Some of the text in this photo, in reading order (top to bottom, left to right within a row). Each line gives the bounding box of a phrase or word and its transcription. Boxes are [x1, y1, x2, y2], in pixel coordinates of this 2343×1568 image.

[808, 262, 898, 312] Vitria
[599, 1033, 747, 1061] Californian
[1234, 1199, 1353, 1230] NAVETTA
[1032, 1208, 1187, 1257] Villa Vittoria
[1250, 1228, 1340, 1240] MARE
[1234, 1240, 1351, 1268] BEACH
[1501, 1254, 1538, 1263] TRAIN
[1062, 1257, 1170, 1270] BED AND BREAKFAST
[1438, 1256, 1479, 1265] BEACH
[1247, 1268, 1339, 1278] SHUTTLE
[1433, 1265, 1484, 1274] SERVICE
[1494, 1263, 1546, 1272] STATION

☆ ☆ ☆ ☆ ☆ ☆ ☆

### Brief
Return every record above exactly as it appears.

### Completed exercise
Some of the text in this photo, in reading order (top to bottom, left to right within a row). Each line gives the bounding box of a phrase or word and its transcription. Boxes are [x1, y1, x2, y2], in pixel coordinates of this 2343×1568 image.

[808, 262, 898, 312] Vitria
[599, 1033, 747, 1061] Californian
[1234, 1199, 1353, 1230] NAVETTA
[1032, 1208, 1187, 1257] Villa Vittoria
[1250, 1228, 1340, 1240] MARE
[1234, 1240, 1351, 1268] BEACH
[1501, 1254, 1538, 1263] TRAIN
[1062, 1257, 1170, 1270] BED AND BREAKFAST
[1438, 1256, 1479, 1265] BEACH
[1247, 1268, 1339, 1278] SHUTTLE
[1433, 1265, 1484, 1274] SERVICE
[1494, 1263, 1546, 1272] STATION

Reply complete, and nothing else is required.